Police reform, occupational safety and city finances are at stake in Philadelphia’s first union negotiations since the pandemic
Most of the cityâs employees have been working without collective agreements since early July, while Mayor Jim Kenneyâs administration is negotiating new contracts with the four major municipal unions that will shape the cityâs workforce after the pandemic.
Much more than money is at stake in the talks, which affect around 22,300 of the city’s 26,800 employees.
The government has tied much of its hopes for major police reform – including a less favorable disciplinary measure for officers accused of wrongdoing – to its contract with the Fraternal Order of Police Lodge 5 police union, as sanitary workers respond to workers’ security needs revealed during the pandemic want to enter.
âThis is a very big moment. What the pandemic taught us – not just the city, the world – is the importance of city workers, âsaid Ernest Garrett, president of the 9,500-member Union of District Council 33 of the American Federation of State, County and Municipal Employees. “The picture should be a little clearer that we deserve to be treated fairly, that our families are important, that our jobs are important, that we are not just something to be scratched off your shoes.”
Neither union leaders nor a Kenney spokesman would discuss details of the ongoing talks. The spokeswoman, Deana Gamble, said that both sides “are actively working towards new deals” but that the government is not “negotiating our employment contracts in the press.”
Although the pacts expired on July 1, it is not uncommon for negotiations to stretch past the expiration date. A union, AFSCME District Council 47, which represents the city’s 3,700 employees, decided to extend their contract for 60 days while talks continued. There is little practical difference between working with and without a contract when all parties are negotiating by consensus, it seems.
Garrett and the chairman of the city’s white-collar union, which represents workers such as administrative assistants and first-level supervisors, said they had exchanged initial proposals with the city and hope to reach an agreement this summer. The other two unions, which currently have no contract and represent police and fire fighters, usually negotiate their contracts through a special procedure for public sector unions representing public security workers.
Traditionally, mayors negotiate multi-year contracts at the start of each of their four-year terms, and all four union contracts should expire in June 2020. When the pandemic broke out, however, the government orchestrated one-year contracts that largely matched the terms of the previous contracts and gave workers wage increases of around 2% to 2.5%.
Kenney then said the city needed more time to understand how the pandemic would affect the city’s budget, despite the decision having its critics.
The one-year deal with the 6,500-member FOP also came two months before the police murder of George Floyd in Minneapolis and meant the government had to wait a year before negotiating police reform measures Kenney wanted to enact after the protests.
Administrative officials testified on the city council that one of the city’s priorities for the police contract is to give the police commissioner more flexibility in relocating officers, to reverse a previous change to the employee residency regime that allowed police veterans to move to the city abandoned, and most reform of disciplinary arbitration that has allowed numerous officials to stay with the police or reduce their sentences.
FOP Lodge 5 President John McNesby did not respond to a request for comment.
Kenney, son of a firefighter, is a work-friendly mayor who was elected with broad union support and awarded generous contracts with city workers, which helped the city budget soar during his tenure. When Kenney took office in 2016, the budget was $ 4.02 billion. This year’s budget, which went into effect July 1, is $ 5.27 billion.
It is likely that the city’s workers will get another boost in negotiated contracts. Garrett and District Council 47 President Cathy Scott said they were encouraged by the government’s initial proposals.
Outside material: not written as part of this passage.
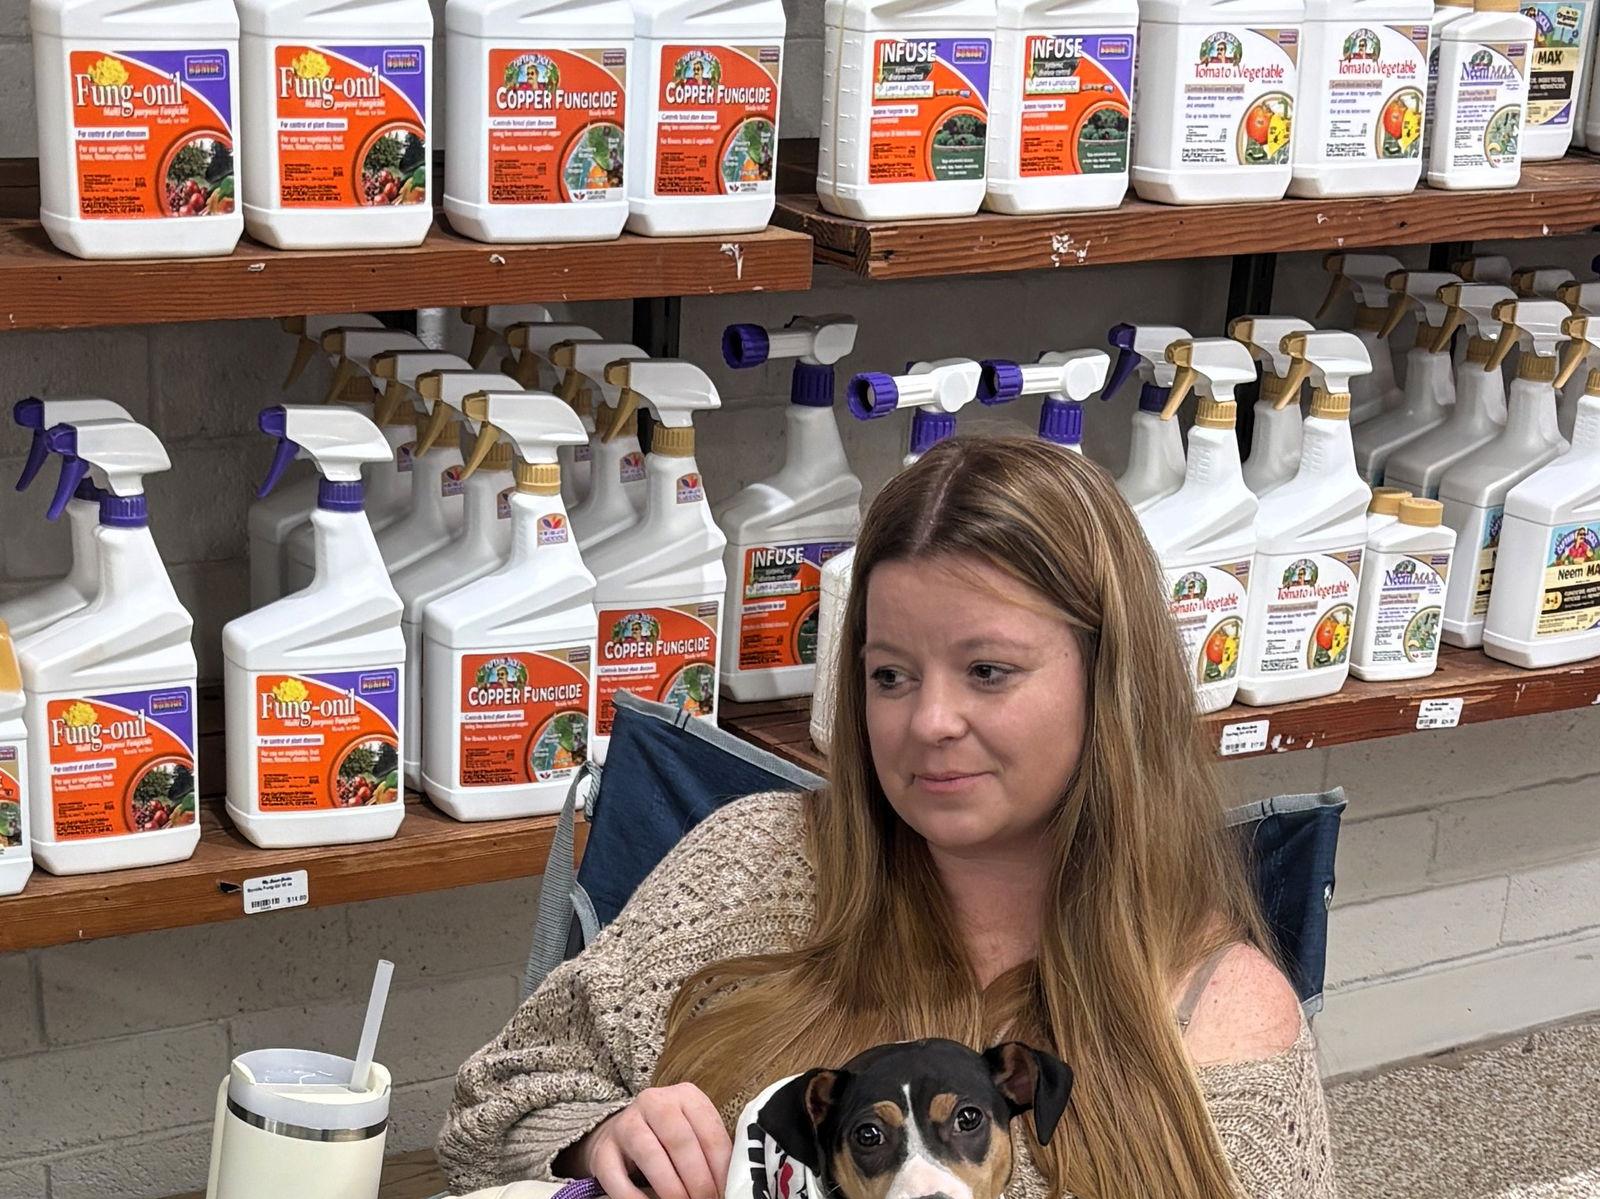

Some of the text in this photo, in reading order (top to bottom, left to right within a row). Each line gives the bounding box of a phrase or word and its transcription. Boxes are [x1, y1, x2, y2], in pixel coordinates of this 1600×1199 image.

“I don’t feel like we’re dealing with stubborn problems,” said Scott. In addition to raising salaries, her union is seeking changes to the grievance process and performance reviews.
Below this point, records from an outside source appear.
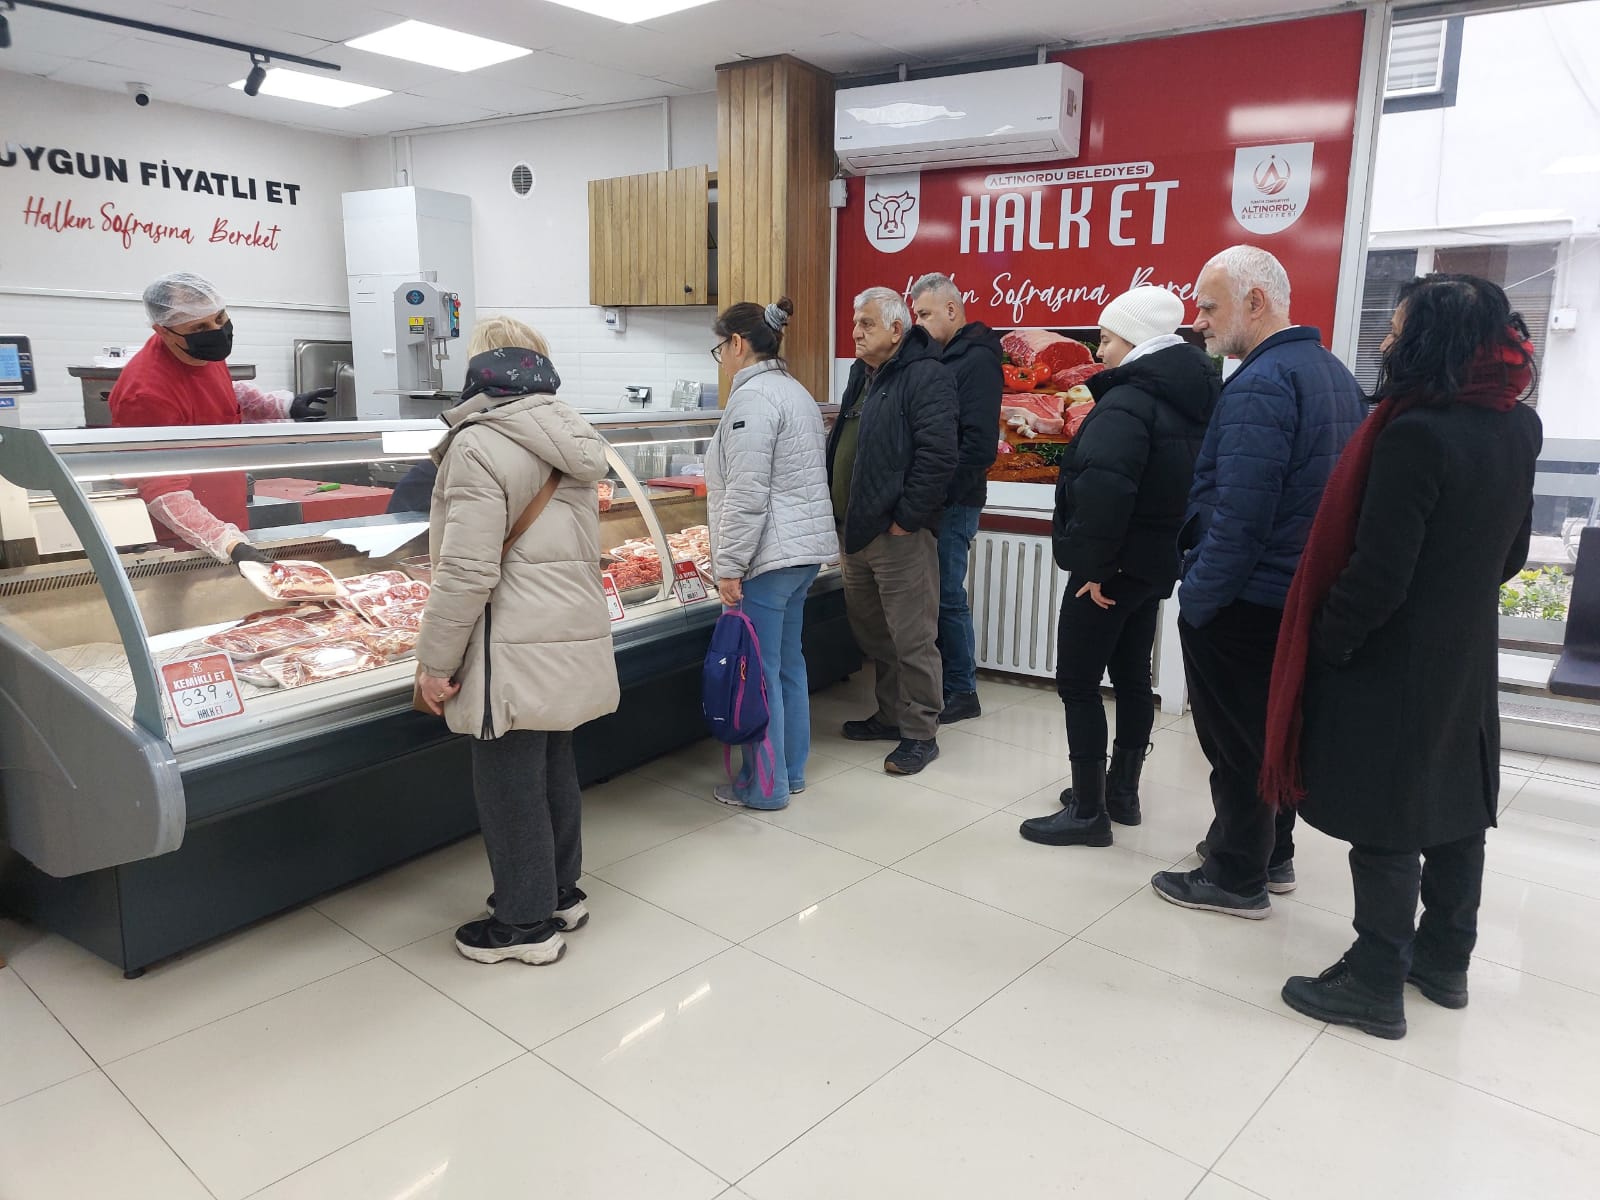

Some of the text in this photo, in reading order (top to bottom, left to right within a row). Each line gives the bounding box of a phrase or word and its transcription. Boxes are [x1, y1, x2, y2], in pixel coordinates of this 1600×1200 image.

[139, 160, 257, 200] FİYATLI
[265, 181, 300, 205] ET
[990, 165, 1149, 187] ALTINORDU BELEDİYESİ
[23, 196, 95, 233] Halkın
[208, 217, 282, 251] Bereket
[960, 180, 1180, 254] HALK ET
[1242, 204, 1296, 213] ALTINORDU
[990, 272, 1111, 324] Sofrasına
[173, 671, 225, 690] KEMİKLİ ET
[182, 685, 217, 706] 639
Kenney’s approach is in stark contrast to that of his predecessor Michael A. Nutter, who took office just before the global financial crisis in 2008 and was at war with all unions – except the FOP – for most of his eight-year tenure on wages, health care and pension benefits to win. In 2013, during Nutter’s annual budget speech, union members rushed the council chambers, drowned out the mayor’s speech and forced him to leave early.
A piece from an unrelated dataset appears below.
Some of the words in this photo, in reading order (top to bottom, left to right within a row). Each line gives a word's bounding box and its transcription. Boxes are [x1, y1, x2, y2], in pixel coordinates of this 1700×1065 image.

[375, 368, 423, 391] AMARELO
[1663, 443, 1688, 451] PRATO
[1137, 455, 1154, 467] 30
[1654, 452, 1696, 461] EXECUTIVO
State law treats uniformed and non-uniformed trade unions differently. While the AFSCME district councils negotiate directly with the city and have the right to strike, the FOP and the International Association of Fire Fighters Local 22 are excluded from the strike and their contracts are determined through “arbitration of interests,” a process used by the panel of persons hears suggestions from employees and management and tries to find a compromise.
Each side selects one panelist and both sides agree on a third. For the FOP contract, the city has chosen Ballard Spahr’s attorney Shannon D. Farmer, who previously represented the city in contract negotiations during Nutter’s tenure, and the FOP has selected Willig Williams & Davidson attorney Ralph J. Teti. The swing voice is veteran umpire Alan A. Symonette, who previously served as an attorney for the National Labor Relations Board and Philadelphia Gas Works.
The arbitration process means that the city has little control over the outcome of the FOP contract. The government hopes, however, that it can sensibly reform the agreement that has now been drawn up.
“We continue to hope to achieve significant reforms to the arbitration, disciplinary process and other key management priorities,” said Gamble.